Speaker C: And I feel like running high is a lot better than running low.
Speaker A: Yeah. And I think the expectation of running high for him in Europe is actually a good thing, because what we find is that when people are traveling, especially when they're in Europe, and they're probably walking a lot or walking more than they're used to walking at home, their blood sugars will tend to run lower because they're walking. And so their body is not used to that sort of activity. And so even if he's under bolusing for food, not necessarily on purpose, or he's eating things that are sending his blood sugar high, that walking, generally speaking, will even it out. And you don't want him being probably too tightly managed while he's walking a lot, because that could actually risk him going low. Yeah. Last thing I want to ask you about is what is your plan or thoughts about just contingency for if he does lose his insulin or if he does need to go to the doctor?
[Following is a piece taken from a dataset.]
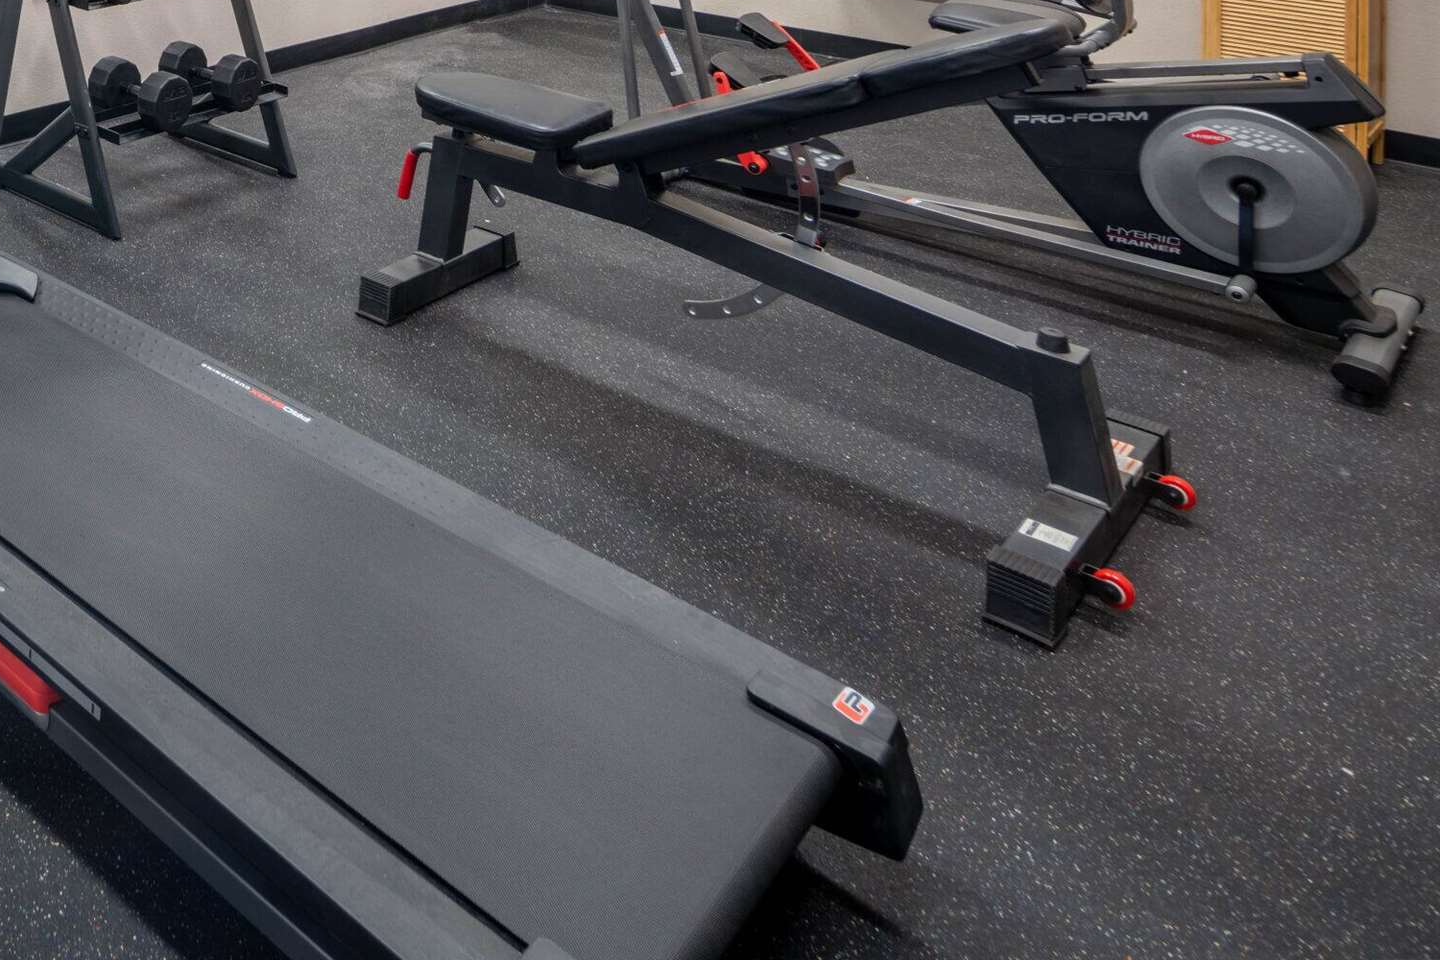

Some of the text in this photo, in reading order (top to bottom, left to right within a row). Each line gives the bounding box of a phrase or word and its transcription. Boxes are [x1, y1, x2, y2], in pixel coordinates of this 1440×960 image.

[1013, 111, 1149, 125] PRO-FORM
[1106, 224, 1182, 246] HYBRID
[1106, 234, 1182, 255] TRAINER
I think it's important for you to have a plan for you to discuss the plan for him about what to do in those situations.
Speaker C: I would say the first stage of that plan is that the chaperone would have a second set of supplies. So the extra insulin, both the long and the short acting glucometer, test strips, needles, an extra glucagon, and those items would always be separate from Andrew.
Speaker A: Okay.
Speaker C: And then again, that's why we paid extra to have the insurance, so that way he would have access to being taken to a hospital and then for us to travel over there if needed.
Speaker A: Great. Yeah.
Speaker C: Kind of the two extremes. I don't seem to have much of a middle ground plan.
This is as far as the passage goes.